● **TASK**: I would like the records restated word for word, without the pictures.

● **Images for object localization**:
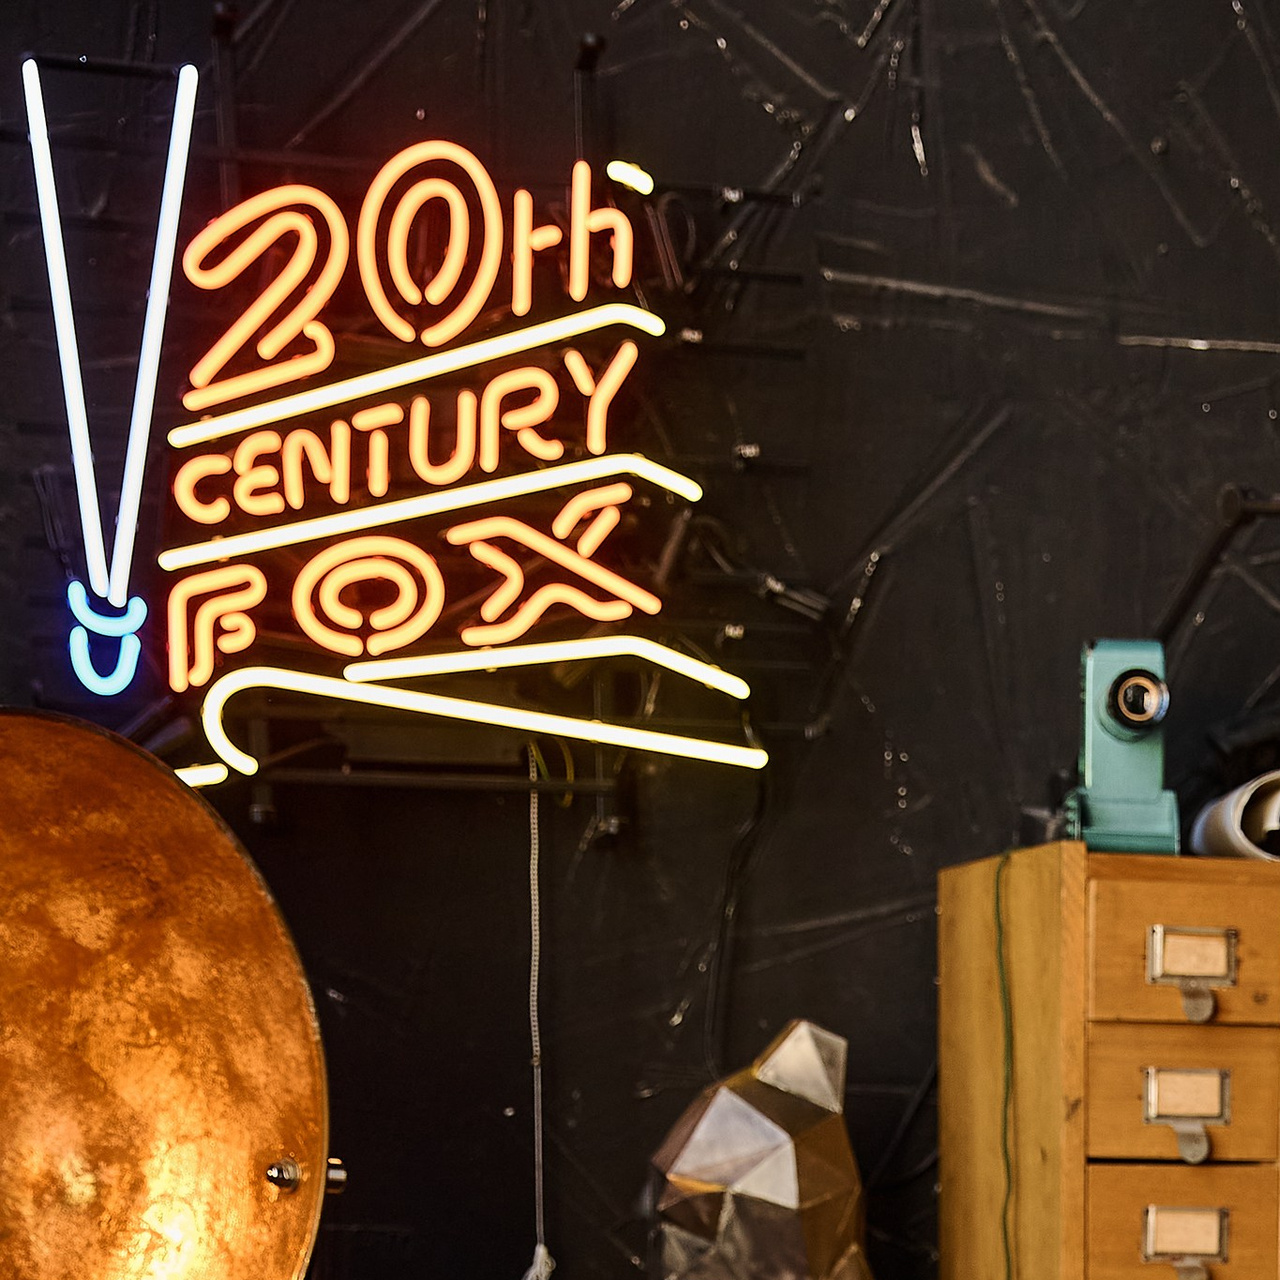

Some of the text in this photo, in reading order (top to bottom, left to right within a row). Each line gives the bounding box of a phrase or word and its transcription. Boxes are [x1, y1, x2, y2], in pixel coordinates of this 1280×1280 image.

[183, 139, 634, 412] 20th
[174, 341, 639, 525] CENTURY
[169, 483, 663, 693] FOX
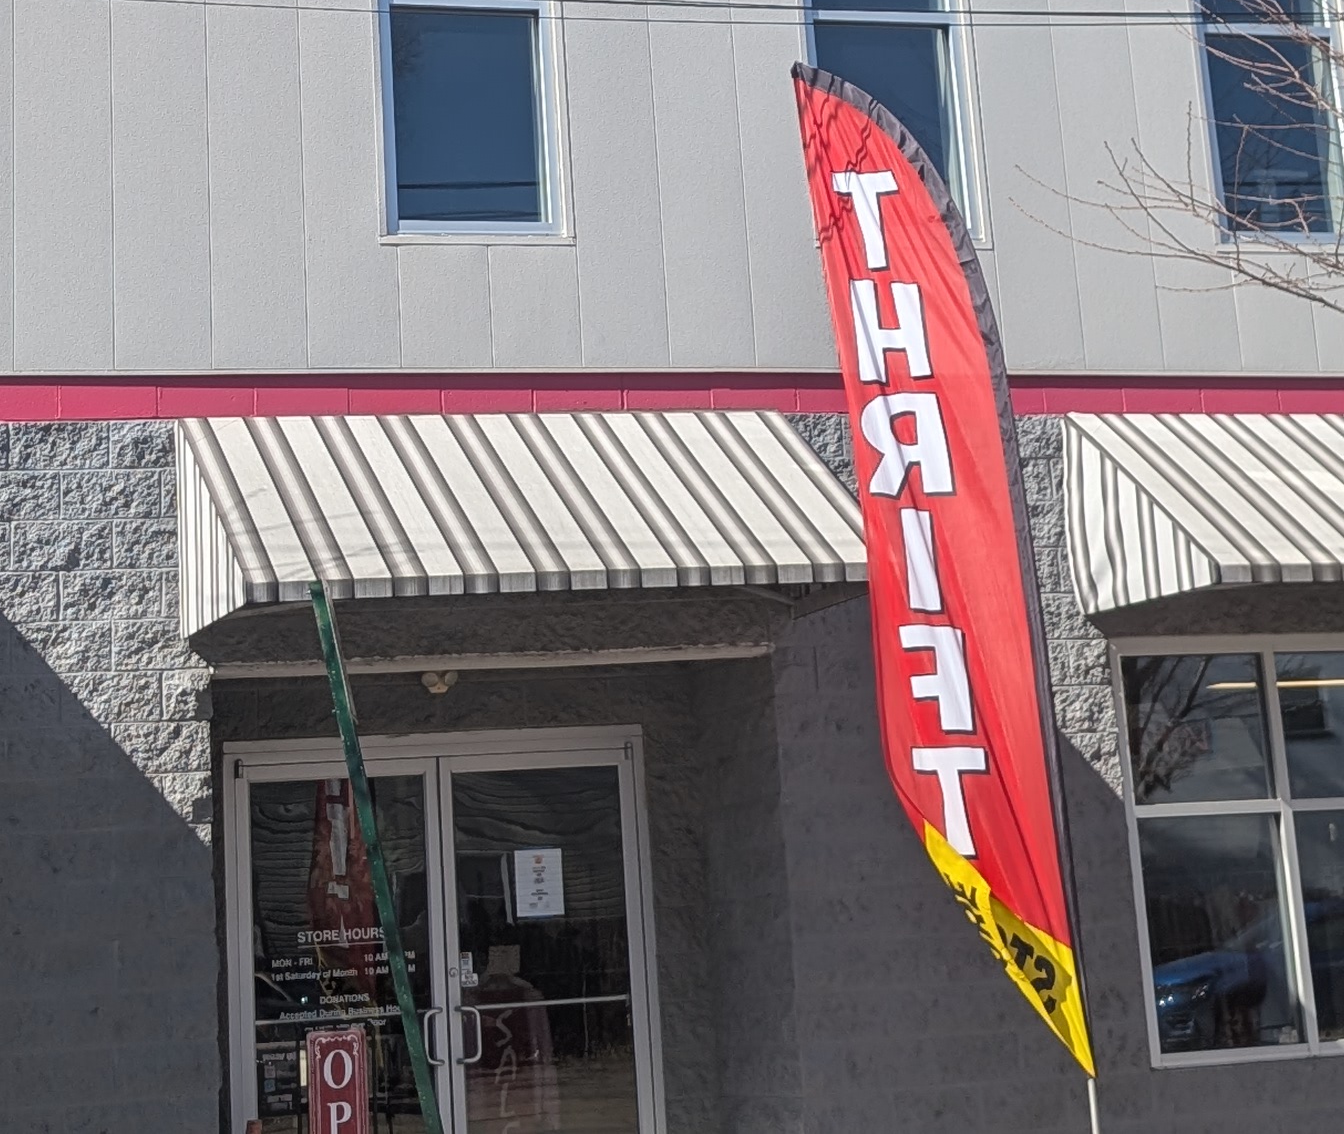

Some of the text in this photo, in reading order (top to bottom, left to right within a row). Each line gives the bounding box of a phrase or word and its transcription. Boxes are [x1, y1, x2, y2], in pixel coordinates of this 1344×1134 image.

[297, 927, 385, 943] STORE HOURS
[271, 959, 292, 968] MON
[299, 957, 313, 966] FRI
[319, 993, 370, 1004] DONATIONS
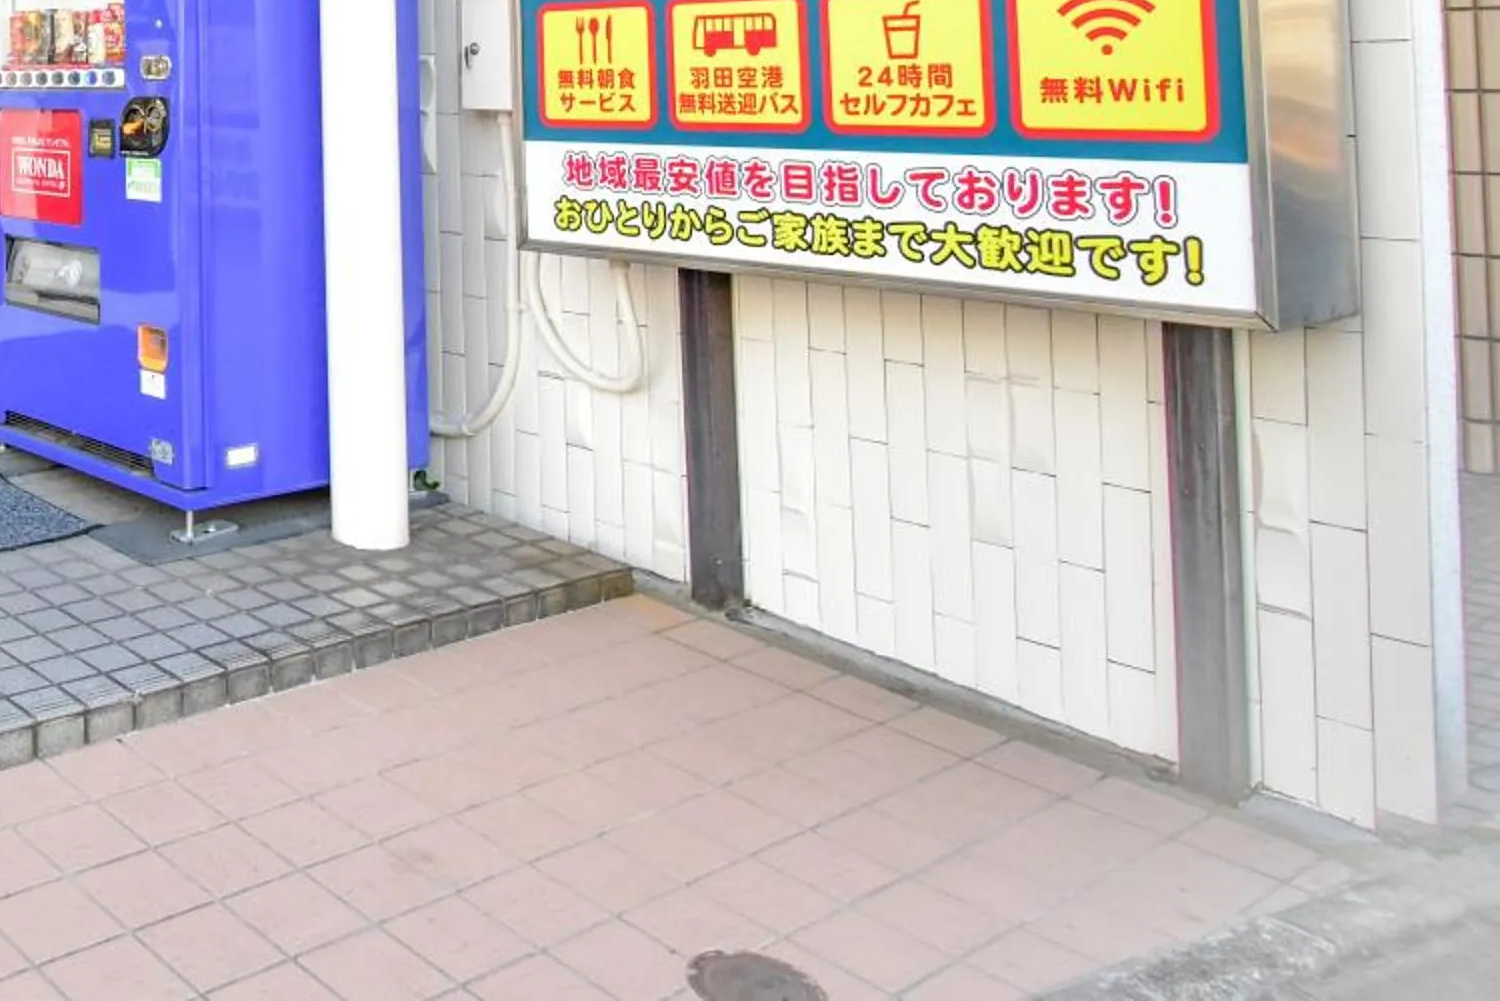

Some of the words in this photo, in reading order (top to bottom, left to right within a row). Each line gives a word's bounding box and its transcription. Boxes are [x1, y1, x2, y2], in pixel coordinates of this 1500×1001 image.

[557, 68, 636, 90] 無料朝食
[690, 65, 784, 90] 羽田空港
[857, 63, 954, 89] 24時間
[1039, 76, 1185, 104] 無料Wifi
[560, 92, 637, 113] サービス
[678, 92, 800, 116] 無料送迎バス
[840, 93, 977, 117] セルフカフェ
[17, 156, 65, 180] WONDA
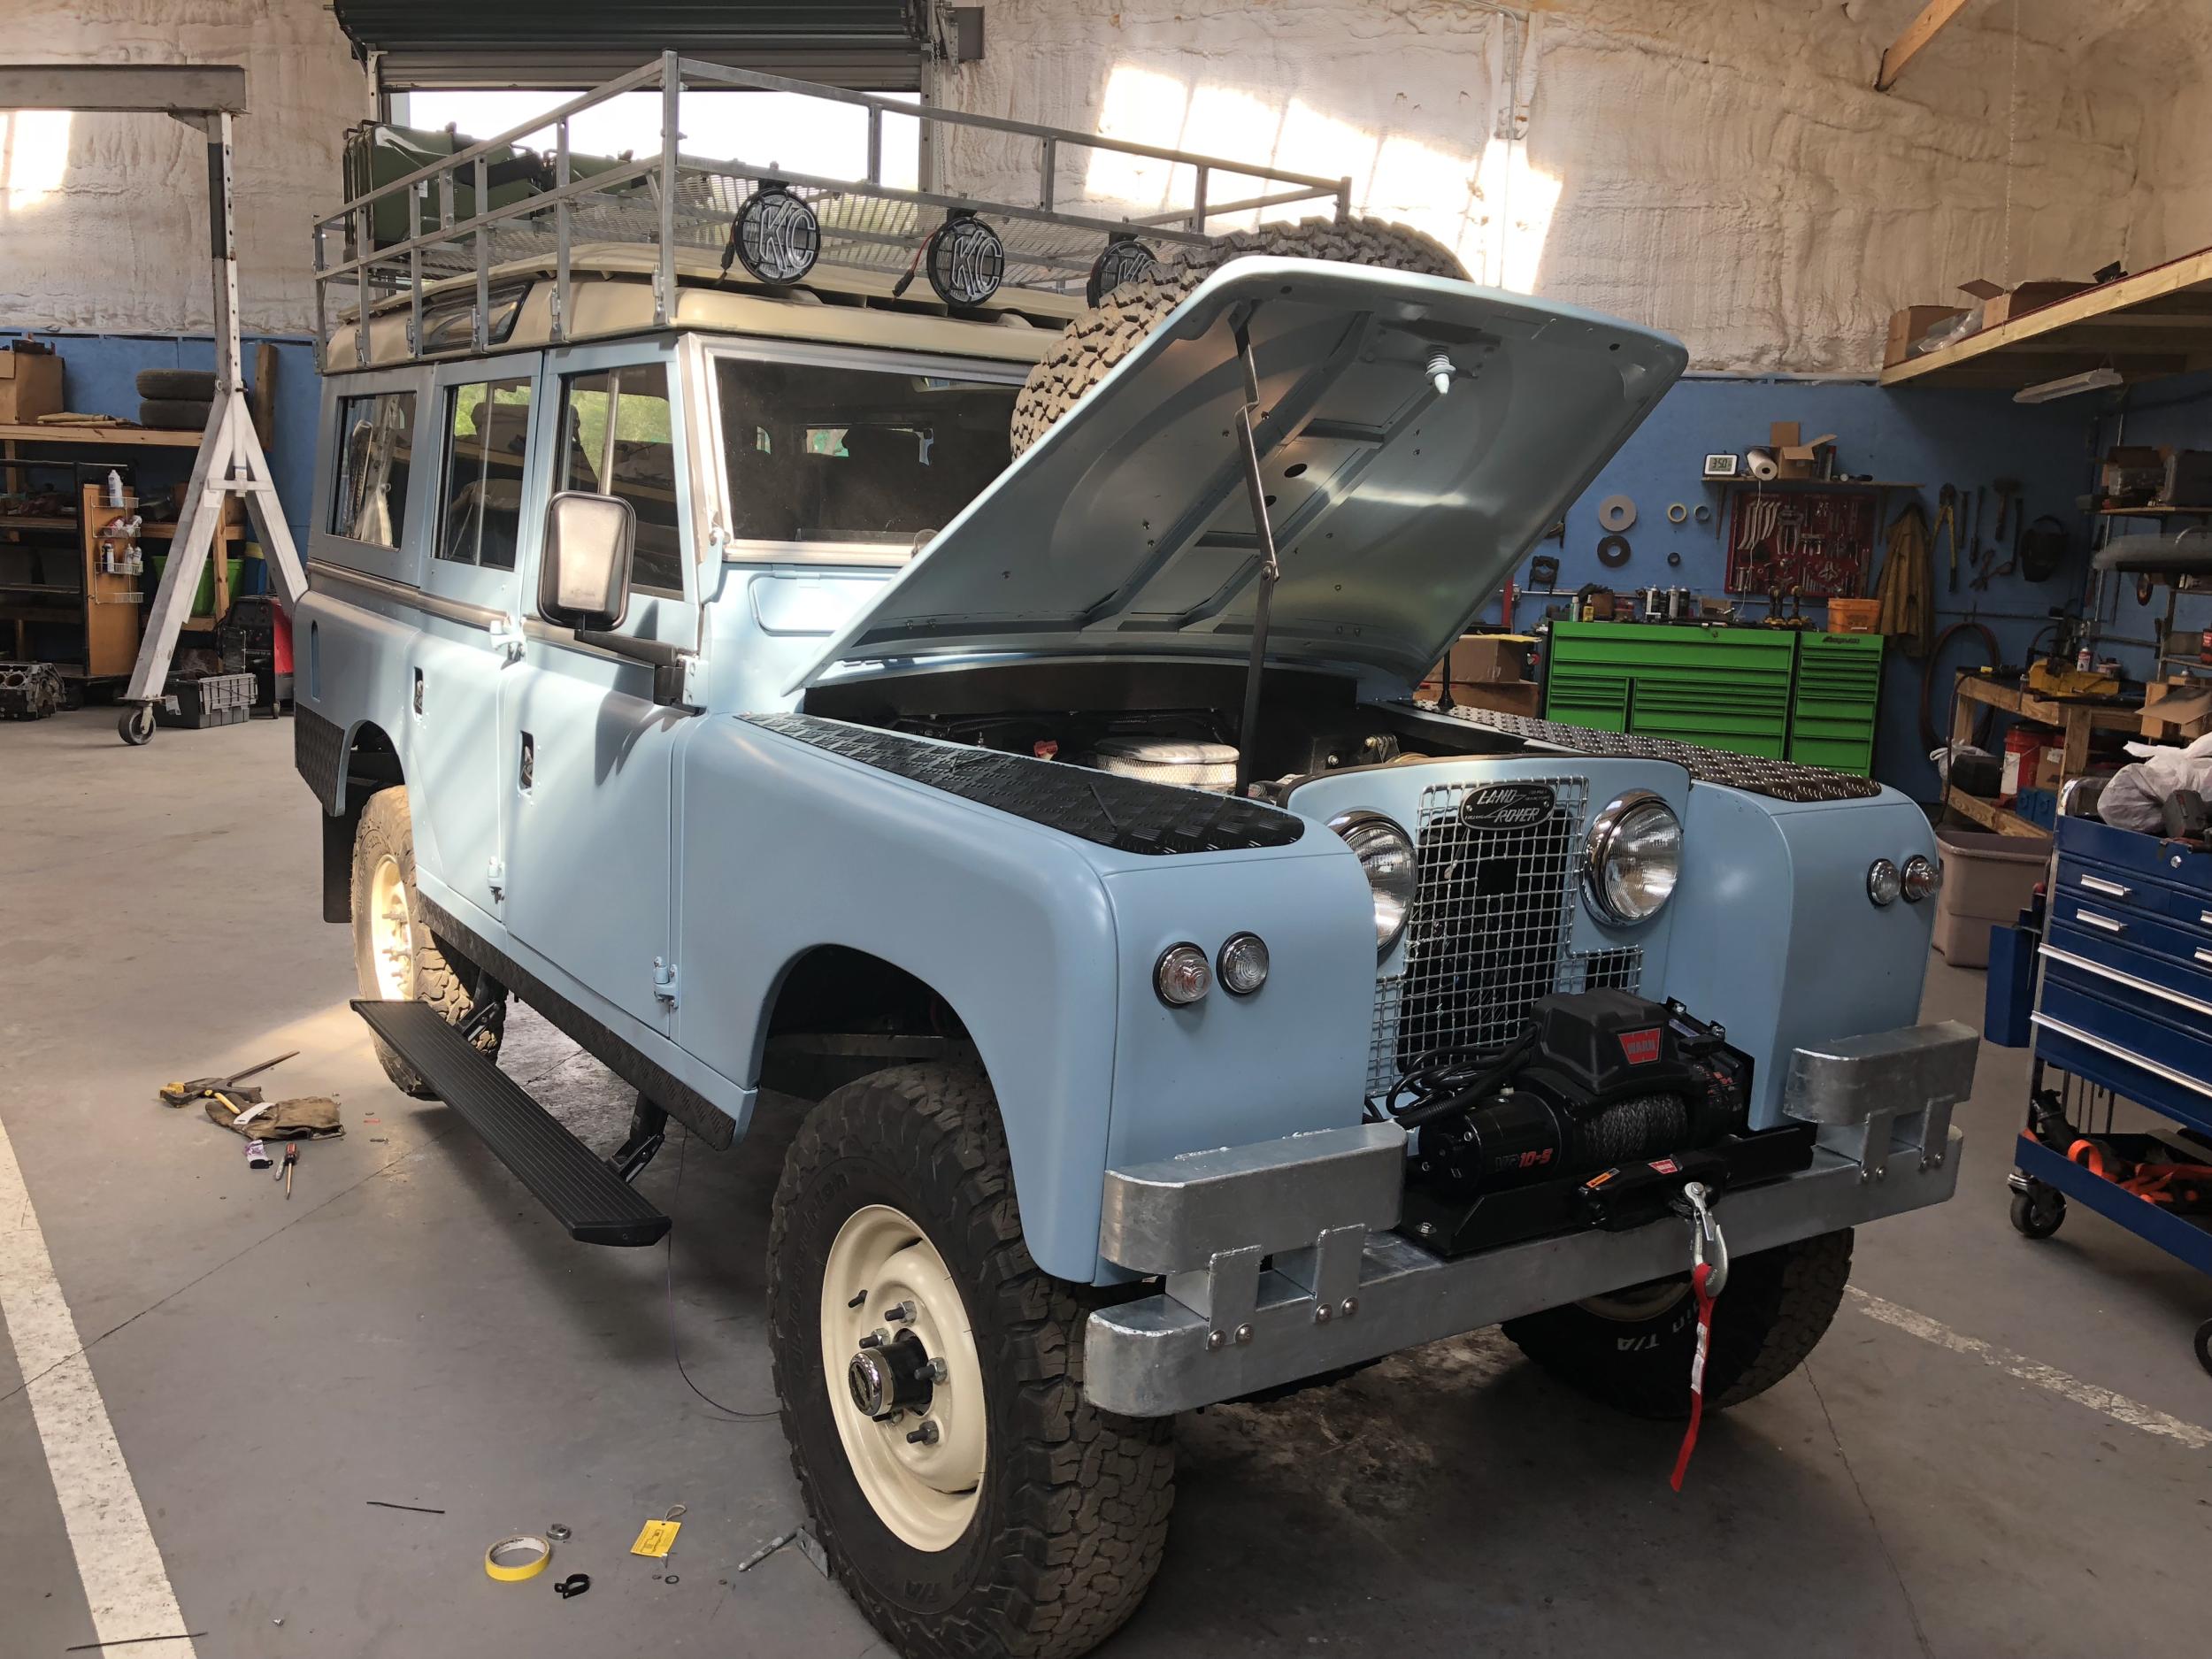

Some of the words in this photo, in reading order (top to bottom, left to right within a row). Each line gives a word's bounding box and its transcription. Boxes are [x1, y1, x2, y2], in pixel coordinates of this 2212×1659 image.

[759, 200, 816, 272] KC
[952, 230, 1002, 296] KC
[1476, 788, 1518, 805] LAND
[1494, 807, 1540, 823] ROVER
[1617, 1333, 1661, 1351] T/A

● **OUTPUT OF THE EXERCISE**:
Some of the text in this photo, in reading order (top to bottom, left to right within a row). Each line gives the bounding box of a phrase or word and its transcription. Boxes are [x1, y1, x2, y2], in pixel coordinates of this 1280×1280 image.

[183, 139, 634, 412] 20th
[174, 341, 639, 525] CENTURY
[169, 483, 663, 693] FOX

Some of the text in this photo, in reading order (top to bottom, left to right within a row). Each line gives the bounding box of a phrase or word and its transcription. Boxes are [x1, y1, x2, y2], in pixel coordinates of this 1344×1134 image.

[297, 927, 385, 943] STORE HOURS
[271, 959, 292, 968] MON
[299, 957, 313, 966] FRI
[319, 993, 370, 1004] DONATIONS

Some of the words in this photo, in reading order (top to bottom, left to right within a row). Each line gives a word's bounding box and its transcription. Boxes are [x1, y1, x2, y2], in pixel coordinates of this 1500×1001 image.

[557, 68, 636, 90] 無料朝食
[690, 65, 784, 90] 羽田空港
[857, 63, 954, 89] 24時間
[1039, 76, 1185, 104] 無料Wifi
[560, 92, 637, 113] サービス
[678, 92, 800, 116] 無料送迎バス
[840, 93, 977, 117] セルフカフェ
[17, 156, 65, 180] WONDA

Some of the words in this photo, in reading order (top to bottom, left to right within a row). Each line gives a word's bounding box and its transcription. Boxes are [x1, y1, x2, y2], in pixel coordinates of this 2212×1659 image.

[759, 200, 816, 272] KC
[952, 230, 1002, 296] KC
[1476, 788, 1518, 805] LAND
[1494, 807, 1540, 823] ROVER
[1617, 1333, 1661, 1351] T/A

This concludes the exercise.